Solar cells are manufactured primarily in Japan, Germany, Mainland China, Taiwan and the United States, though numerous other nations have or are acquiring significant solar cell production capacity. While technologies are constantly evolving toward higher efficiencies, the most effective cells for low cost electrical production are not necessarily those with the highest efficiency, but those with a balance between low-cost production and efficiency high enough to minimize area-related balance of systems cost. Those companies with large scale manufacturing technology for coating inexpensive substrates may, in fact, ultimately be the lowest cost net electricity producers, even with cell efficiencies that are lower than those of single-crystal technologies.
In late September 2008, Sanyo Electric Company, Ltd. announced its decision to build a manufacturing plant for solar ingots and wafers in Salem, Oregon. The plant began operating in October 2009 and reached its full production capacity of 70 megawatts (MW) of solar wafers per year in April 2010.

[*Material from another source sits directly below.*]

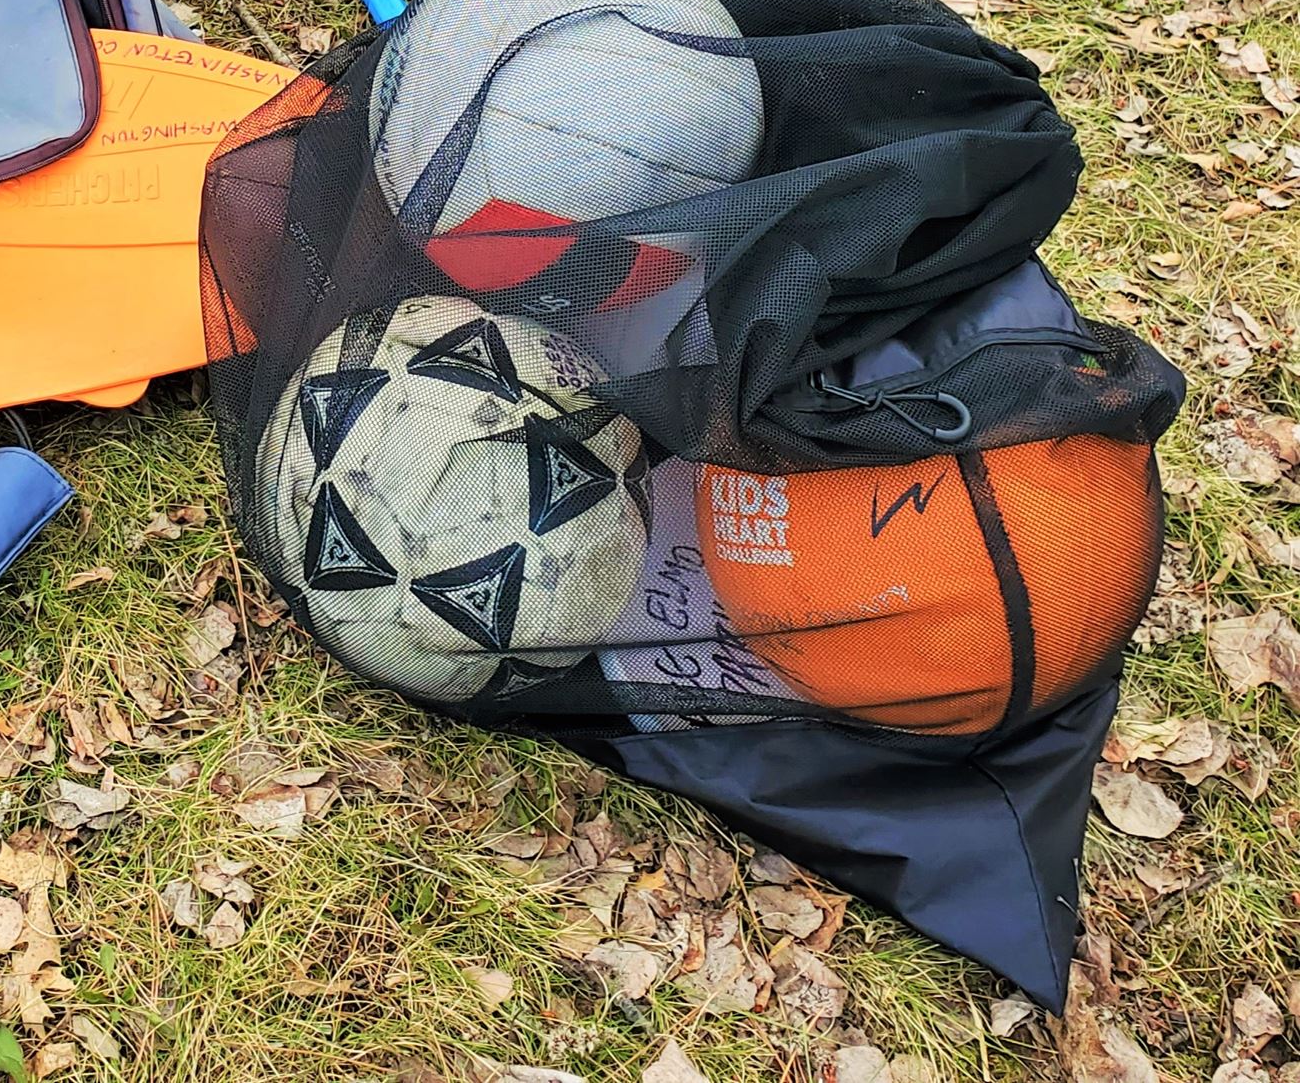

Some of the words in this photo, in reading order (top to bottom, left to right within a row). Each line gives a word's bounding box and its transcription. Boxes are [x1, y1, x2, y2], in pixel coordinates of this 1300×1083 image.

[124, 44, 293, 89] WASHINGTON
[101, 121, 237, 147] WASHINGTON
[710, 474, 792, 518] KIDS
[713, 515, 791, 548] HEART

In early October 2008, First Solar, Inc. broke ground on an expansion of its Perrysburg, Ohio, facility that will add enough capacity to produce another 57 MW per year of solar modules at the facility, bringing its total capacity to roughly 192 MW per year. The company expects to complete construction early next year and reach full production by mid-2010.
In mid-October 2008, SolarWorld AG opened a manufacturing plant in Hillsboro, Oregon, that is currently producing 500 MW of solar cells per year in 2011.
Solyndra has a manufacturing facility for its unique tubular CIGS technology in California.
In March 2010, SpectraWatt, Inc. began production at its manufacturing plant in Hopewell Junction, NY, which was expected to produce 120 MW of solar cells per year when it reached full production in 2011. However, the closure of this plant was announced in late 2010 due to deteriorating market conditions coupled with demand drops from Europe.